WHAT IS BEING ASKED
Set the records down again exactly, apart from any pictures in them.

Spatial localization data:
^^^^
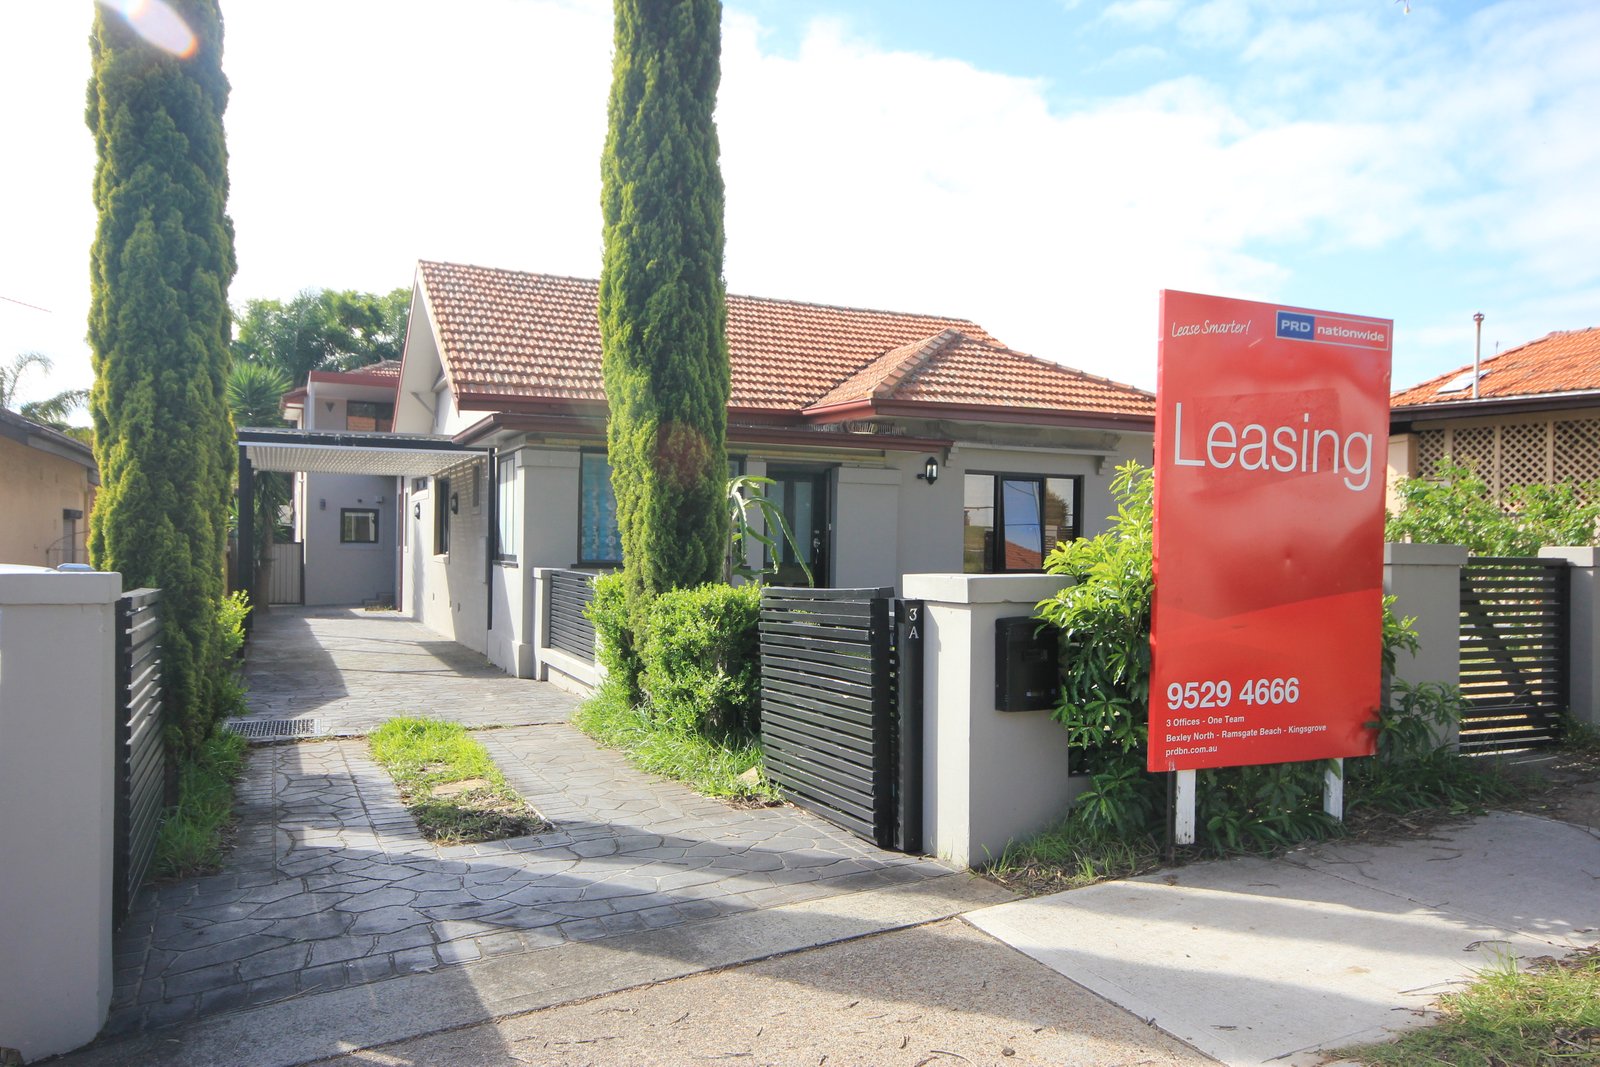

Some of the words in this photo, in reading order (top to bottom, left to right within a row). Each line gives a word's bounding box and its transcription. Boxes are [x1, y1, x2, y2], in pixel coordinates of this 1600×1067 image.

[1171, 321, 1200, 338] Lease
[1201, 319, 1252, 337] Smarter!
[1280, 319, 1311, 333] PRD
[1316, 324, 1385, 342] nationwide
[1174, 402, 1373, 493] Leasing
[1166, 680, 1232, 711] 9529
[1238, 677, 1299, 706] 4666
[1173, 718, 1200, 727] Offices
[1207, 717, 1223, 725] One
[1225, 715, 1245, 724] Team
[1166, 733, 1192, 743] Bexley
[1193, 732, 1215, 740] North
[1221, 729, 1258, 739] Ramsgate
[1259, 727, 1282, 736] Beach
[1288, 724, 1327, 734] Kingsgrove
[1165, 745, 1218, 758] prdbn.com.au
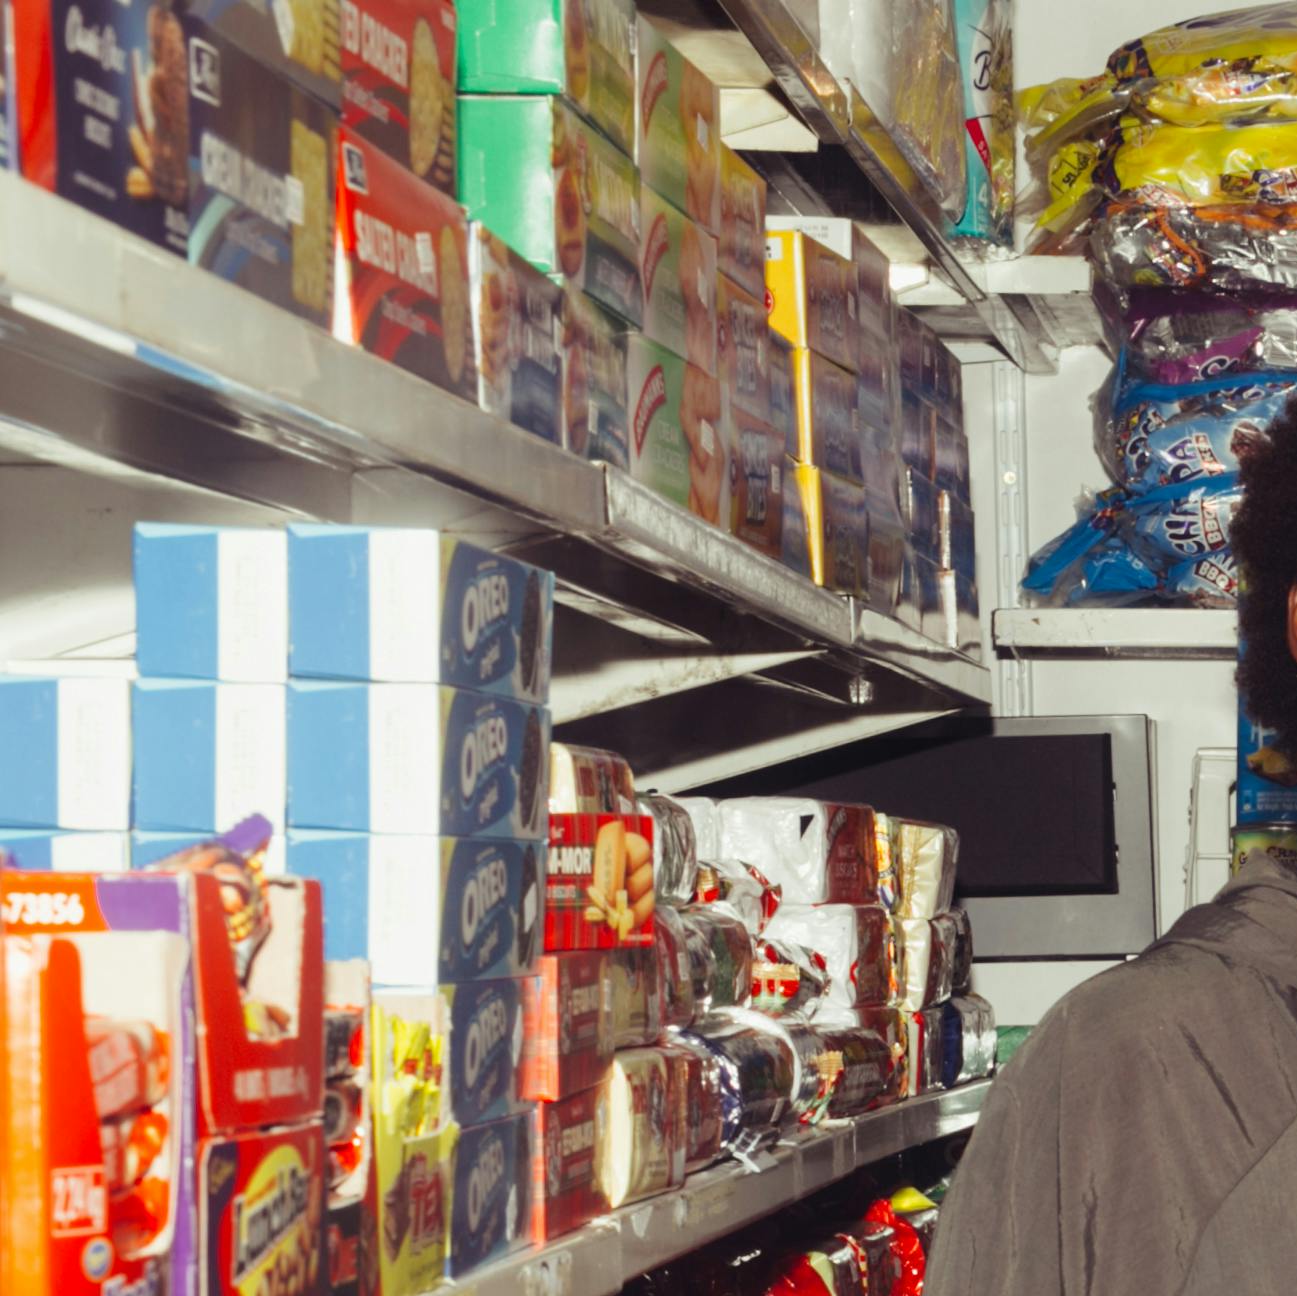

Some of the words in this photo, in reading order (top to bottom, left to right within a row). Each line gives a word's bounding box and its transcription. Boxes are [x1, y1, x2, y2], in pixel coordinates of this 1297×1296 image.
^^^^
RESPONSE BOX
Some of the words in this photo, in reading order (top to bottom, left to right within a row). Each line gives a word's bounding box and its transcription. Boxes are [x1, y1, x2, y2], in pixel coordinates of this 1600×1067 image.

[1171, 321, 1200, 338] Lease
[1201, 319, 1252, 337] Smarter!
[1280, 319, 1311, 333] PRD
[1316, 324, 1385, 342] nationwide
[1174, 402, 1373, 493] Leasing
[1166, 680, 1232, 711] 9529
[1238, 677, 1299, 706] 4666
[1173, 718, 1200, 727] Offices
[1207, 717, 1223, 725] One
[1225, 715, 1245, 724] Team
[1166, 733, 1192, 743] Bexley
[1193, 732, 1215, 740] North
[1221, 729, 1258, 739] Ramsgate
[1259, 727, 1282, 736] Beach
[1288, 724, 1327, 734] Kingsgrove
[1165, 745, 1218, 758] prdbn.com.au

Some of the words in this photo, in reading order (top to bottom, left to right within a row). Each line gives a word's bounding box and its transcription. Boxes are [x1, y1, x2, y2], in pixel coordinates of this 1297×1296 image.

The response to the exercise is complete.